Task goal :: What follows is a set of records; restate each one word for word and drop the pictures.

Given data ::

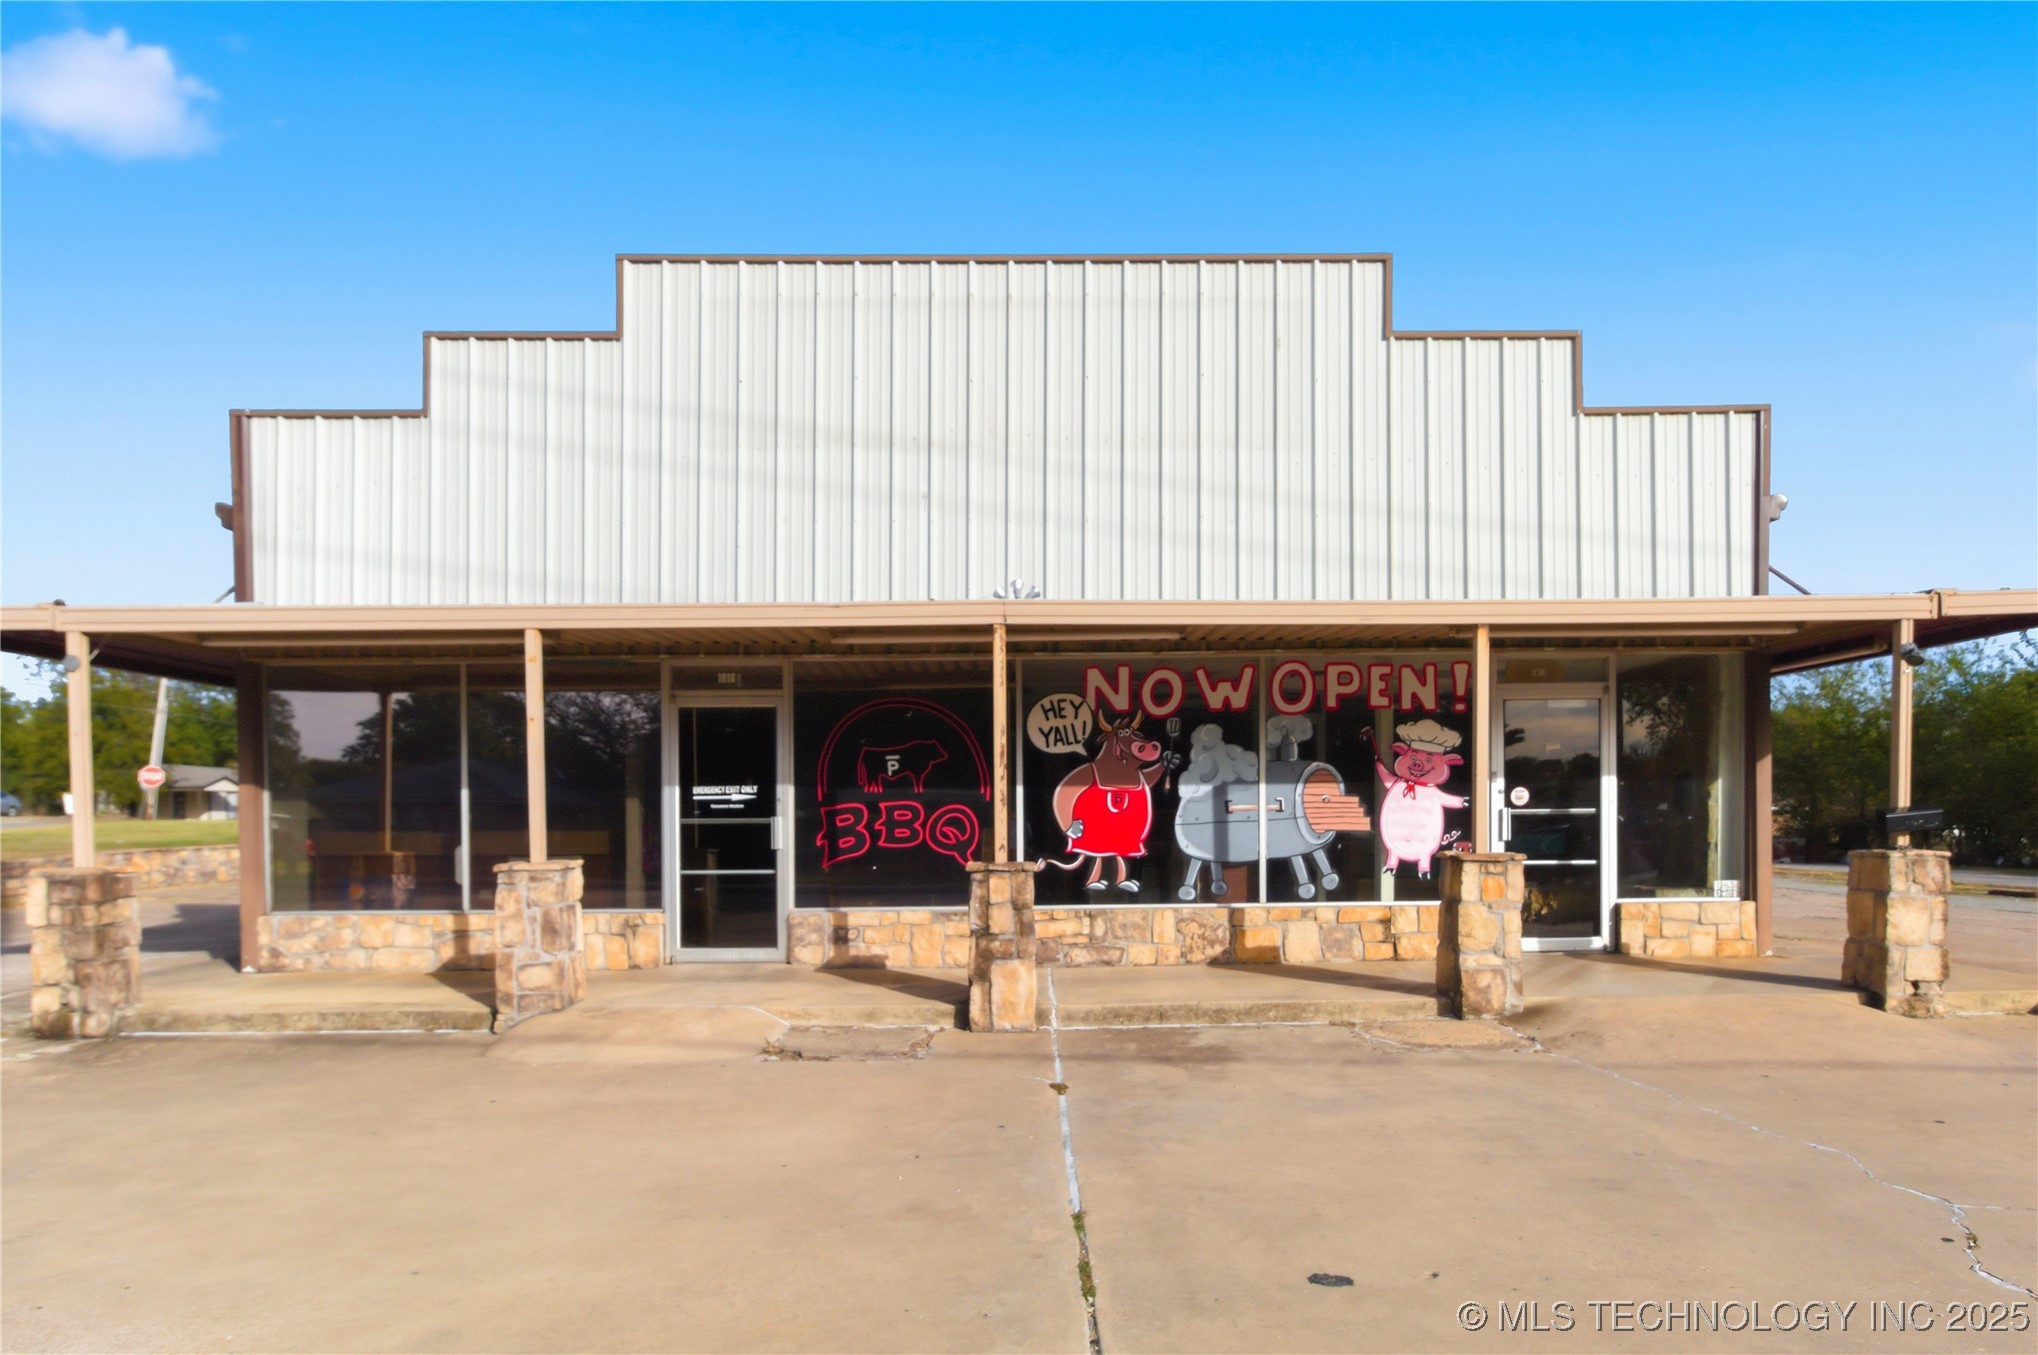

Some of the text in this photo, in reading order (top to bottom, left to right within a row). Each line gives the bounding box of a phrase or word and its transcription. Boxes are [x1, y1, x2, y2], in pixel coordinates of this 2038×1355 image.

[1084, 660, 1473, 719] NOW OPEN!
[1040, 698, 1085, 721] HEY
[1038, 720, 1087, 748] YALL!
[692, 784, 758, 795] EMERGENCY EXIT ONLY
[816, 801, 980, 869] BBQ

Result for this task ::
Some of the text in this photo, in reading order (top to bottom, left to right within a row). Each line gives the bounding box of a phrase or word and its transcription. Boxes are [x1, y1, x2, y2], in pixel coordinates of this 2038×1355 image.

[1084, 660, 1473, 719] NOW OPEN!
[1040, 698, 1085, 721] HEY
[1038, 720, 1087, 748] YALL!
[692, 784, 758, 795] EMERGENCY EXIT ONLY
[816, 801, 980, 869] BBQ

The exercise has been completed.